**Task:** Would you set down the data below exactly as shown?

**The records:**
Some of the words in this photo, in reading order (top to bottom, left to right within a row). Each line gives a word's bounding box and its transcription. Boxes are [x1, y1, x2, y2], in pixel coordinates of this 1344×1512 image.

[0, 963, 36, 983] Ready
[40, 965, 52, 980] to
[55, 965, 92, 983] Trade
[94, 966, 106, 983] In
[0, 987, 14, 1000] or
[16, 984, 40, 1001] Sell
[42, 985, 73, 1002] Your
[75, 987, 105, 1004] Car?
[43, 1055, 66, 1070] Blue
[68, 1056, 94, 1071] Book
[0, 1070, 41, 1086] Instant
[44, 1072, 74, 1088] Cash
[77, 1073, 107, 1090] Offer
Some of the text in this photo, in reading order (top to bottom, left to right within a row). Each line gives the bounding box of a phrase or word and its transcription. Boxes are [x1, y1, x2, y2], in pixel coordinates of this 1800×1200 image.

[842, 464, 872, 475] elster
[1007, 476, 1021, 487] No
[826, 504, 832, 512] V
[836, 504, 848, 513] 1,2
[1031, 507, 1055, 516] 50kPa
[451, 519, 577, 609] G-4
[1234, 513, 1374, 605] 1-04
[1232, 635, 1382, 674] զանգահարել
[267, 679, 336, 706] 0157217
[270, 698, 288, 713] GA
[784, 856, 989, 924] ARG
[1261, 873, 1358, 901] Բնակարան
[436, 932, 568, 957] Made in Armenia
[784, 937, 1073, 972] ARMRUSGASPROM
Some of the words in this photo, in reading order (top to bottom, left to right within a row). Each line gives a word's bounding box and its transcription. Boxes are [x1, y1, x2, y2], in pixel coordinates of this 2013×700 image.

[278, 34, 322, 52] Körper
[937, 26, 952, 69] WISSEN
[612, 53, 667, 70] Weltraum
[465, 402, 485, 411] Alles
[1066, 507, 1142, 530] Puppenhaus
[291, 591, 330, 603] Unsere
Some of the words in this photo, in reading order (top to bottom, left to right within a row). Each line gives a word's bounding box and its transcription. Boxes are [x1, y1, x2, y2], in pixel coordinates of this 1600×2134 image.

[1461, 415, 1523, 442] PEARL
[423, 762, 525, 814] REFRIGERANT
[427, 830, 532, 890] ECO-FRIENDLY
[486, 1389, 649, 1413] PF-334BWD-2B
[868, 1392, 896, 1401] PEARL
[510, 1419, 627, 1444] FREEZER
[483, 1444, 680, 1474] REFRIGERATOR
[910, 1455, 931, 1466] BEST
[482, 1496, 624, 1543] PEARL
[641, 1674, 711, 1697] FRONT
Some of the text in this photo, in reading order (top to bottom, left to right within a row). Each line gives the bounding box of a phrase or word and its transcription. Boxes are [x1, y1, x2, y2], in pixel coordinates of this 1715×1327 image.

**Solved problem:**
Some of the words in this photo, in reading order (top to bottom, left to right within a row). Each line gives a word's bounding box and its transcription. Boxes are [x1, y1, x2, y2], in pixel coordinates of this 1344×1512 image.

[0, 963, 36, 983] Ready
[40, 965, 52, 980] to
[55, 965, 92, 983] Trade
[94, 966, 106, 983] In
[0, 987, 14, 1000] or
[16, 984, 40, 1001] Sell
[42, 985, 73, 1002] Your
[75, 987, 105, 1004] Car?
[43, 1055, 66, 1070] Blue
[68, 1056, 94, 1071] Book
[0, 1070, 41, 1086] Instant
[44, 1072, 74, 1088] Cash
[77, 1073, 107, 1090] Offer
Some of the text in this photo, in reading order (top to bottom, left to right within a row). Each line gives the bounding box of a phrase or word and its transcription. Boxes are [x1, y1, x2, y2], in pixel coordinates of this 1800×1200 image.

[842, 464, 872, 475] elster
[1007, 476, 1021, 487] No
[826, 504, 832, 512] V
[836, 504, 848, 513] 1,2
[1031, 507, 1055, 516] 50kPa
[451, 519, 577, 609] G-4
[1234, 513, 1374, 605] 1-04
[1232, 635, 1382, 674] զանգահարել
[267, 679, 336, 706] 0157217
[270, 698, 288, 713] GA
[784, 856, 989, 924] ARG
[1261, 873, 1358, 901] Բնակարան
[436, 932, 568, 957] Made in Armenia
[784, 937, 1073, 972] ARMRUSGASPROM
Some of the words in this photo, in reading order (top to bottom, left to right within a row). Each line gives a word's bounding box and its transcription. Boxes are [x1, y1, x2, y2], in pixel coordinates of this 2013×700 image.

[278, 34, 322, 52] Körper
[937, 26, 952, 69] WISSEN
[612, 53, 667, 70] Weltraum
[465, 402, 485, 411] Alles
[1066, 507, 1142, 530] Puppenhaus
[291, 591, 330, 603] Unsere
Some of the words in this photo, in reading order (top to bottom, left to right within a row). Each line gives a word's bounding box and its transcription. Boxes are [x1, y1, x2, y2], in pixel coordinates of this 1600×2134 image.

[1461, 415, 1523, 442] PEARL
[423, 762, 525, 814] REFRIGERANT
[427, 830, 532, 890] ECO-FRIENDLY
[486, 1389, 649, 1413] PF-334BWD-2B
[868, 1392, 896, 1401] PEARL
[510, 1419, 627, 1444] FREEZER
[483, 1444, 680, 1474] REFRIGERATOR
[910, 1455, 931, 1466] BEST
[482, 1496, 624, 1543] PEARL
[641, 1674, 711, 1697] FRONT
Some of the text in this photo, in reading order (top to bottom, left to right within a row). Each line gives the bounding box of a phrase or word and its transcription. Boxes are [x1, y1, x2, y2], in pixel coordinates of this 1715×1327 image.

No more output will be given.